Images for object localization:
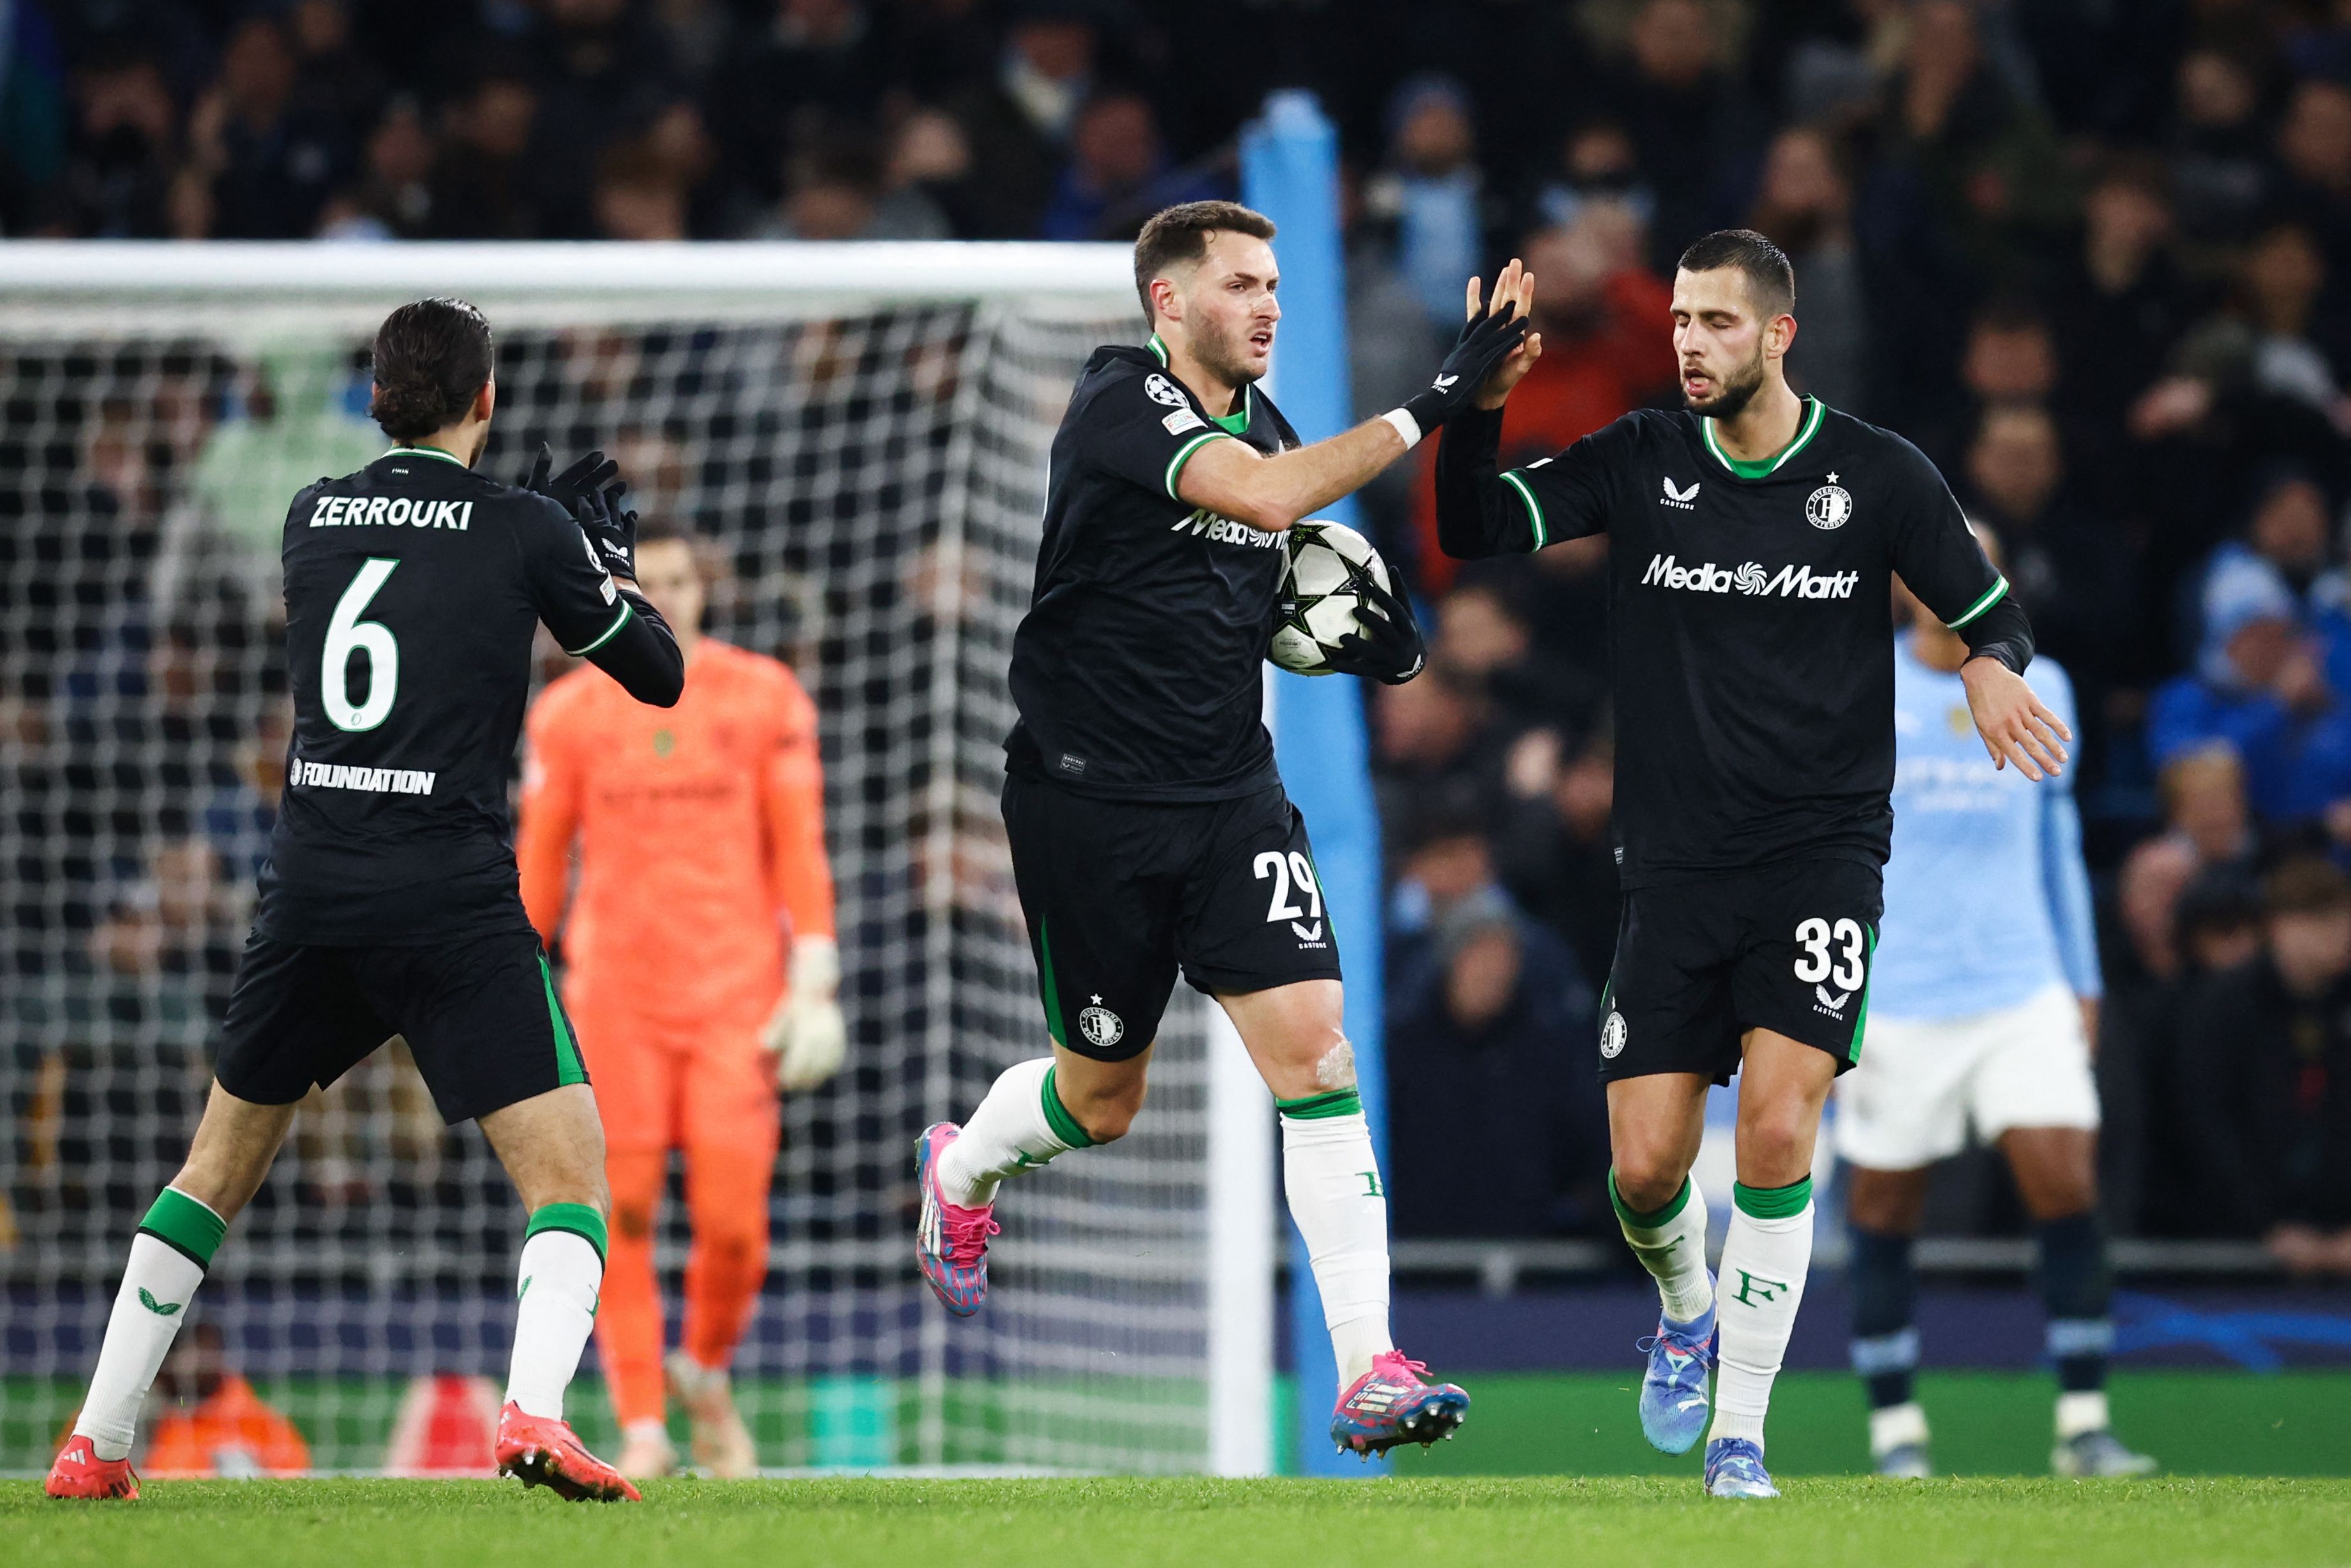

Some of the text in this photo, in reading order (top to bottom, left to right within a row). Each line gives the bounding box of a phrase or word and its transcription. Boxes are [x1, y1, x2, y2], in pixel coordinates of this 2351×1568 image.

[1660, 498, 1694, 511] CASTORE
[1810, 488, 1849, 502] FEYENOORD
[309, 496, 474, 531] ZERROUKI
[1809, 512, 1848, 528] ROTTERDAM
[1641, 554, 1859, 599] Media Markt
[321, 556, 400, 732] 6
[302, 762, 437, 795] FOUNDATION
[1253, 851, 1321, 923] 29
[1794, 917, 1864, 991] 33
[1812, 1004, 1844, 1021] CASTORE
[1731, 1268, 1788, 1308] F

Exercise requirements:
Please print every record exactly, leaving out the pictures.

Response to the task:
Some of the text in this photo, in reading order (top to bottom, left to right within a row). Each line gives the bounding box of a phrase or word and its transcription. Boxes are [x1, y1, x2, y2], in pixel coordinates of this 2351×1568 image.

[1660, 498, 1694, 511] CASTORE
[1810, 488, 1849, 502] FEYENOORD
[309, 496, 474, 531] ZERROUKI
[1809, 512, 1848, 528] ROTTERDAM
[1641, 554, 1859, 599] Media Markt
[321, 556, 400, 732] 6
[302, 762, 437, 795] FOUNDATION
[1253, 851, 1321, 923] 29
[1794, 917, 1864, 991] 33
[1812, 1004, 1844, 1021] CASTORE
[1731, 1268, 1788, 1308] F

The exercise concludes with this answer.